Guatemalan workers have reached a settlement with a Connecticut nursery accused of forcing them to work nearly 80 hours a week for less than minimum wage.
The settlement resolves claims against Imperial Nurseries and its parent company, Griffin Land & Nurseries that the nursery underpaid workers.
Attorney Michael Wishnie said he will continue to pursue claims that the independent company that recruited the workers, Pro Tree Forestry Services, engaged in human trafficking.
The workers said they were promised jobs planting trees in North Carolina for $7.50 (EUR5.5) an hour. Instead, they said they were taken in a van to Connecticut without their consent, had their passports confiscated and were threatened with arrest or deportation.

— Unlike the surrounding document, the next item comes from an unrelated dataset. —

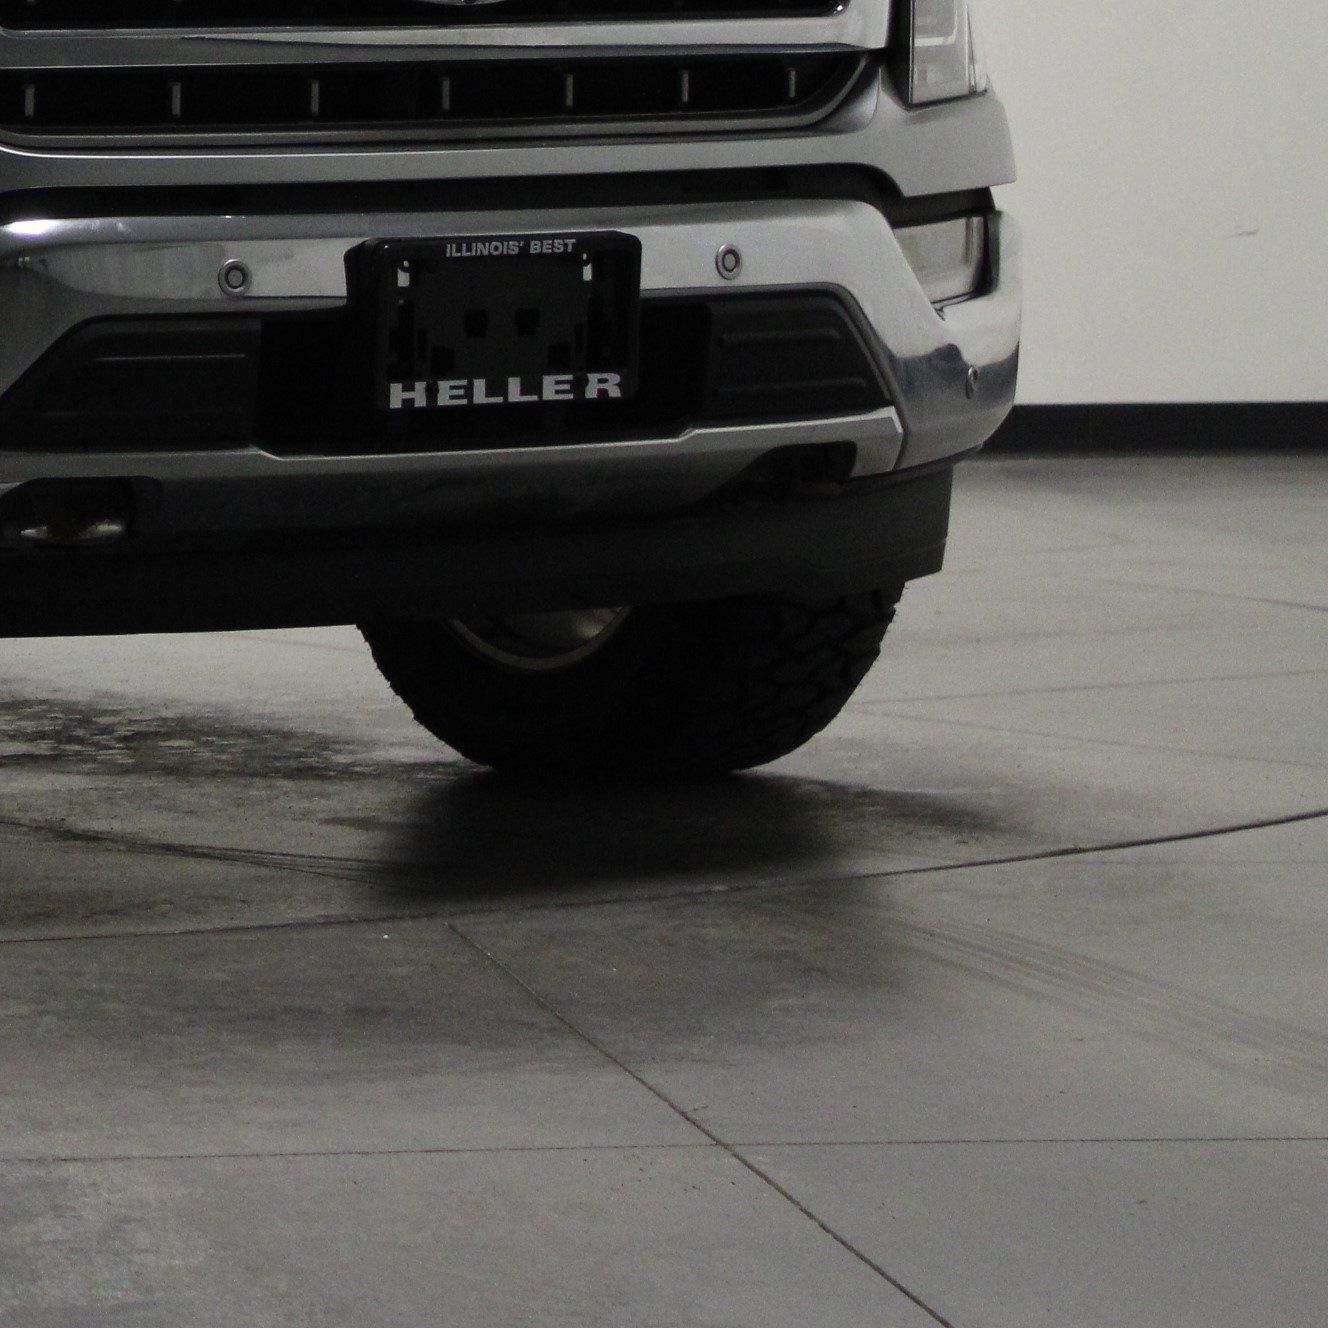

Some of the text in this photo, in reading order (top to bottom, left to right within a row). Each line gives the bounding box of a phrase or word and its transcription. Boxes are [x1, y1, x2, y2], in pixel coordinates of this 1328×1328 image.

The settlement was confidential and details were not disclosed.
"Griffin and Imperial are pleased that the case against us has now settled," said Mike Danziger, president and chief executive officer of Griffin. Imperial's sales volume places it among the 20 largest landscape nursery growers in the United States, according to the lawsuit.
Griffin officials said they were shocked to hear the allegations of mistreatment by Pro Tree. The nursery quickly terminated its contract with Pro Tree and agreed to the financial compensation because of the hardship the workers alleged they experienced, company officials said.
Griffin has said the company cooperated with an investigation by the U.S. Department of Labor, which also has filed a lawsuit in the case.
"We are happy that we have come together and stood up to protect our rights," Marvin Coto, one of the workers, said in a statement.
Pro Tree is accused of denying the workers emergency medical care and threatening them with arrest, imprisonment and deportation if they did not meet production standards.
A telephone message was left Monday morning with a spokesman for a Pro Tree principal.
The lawsuit says the workers were paid about $3.75 (EUR2.8) per hour but also incurred substantial, illegal deductions which further reduced their wages.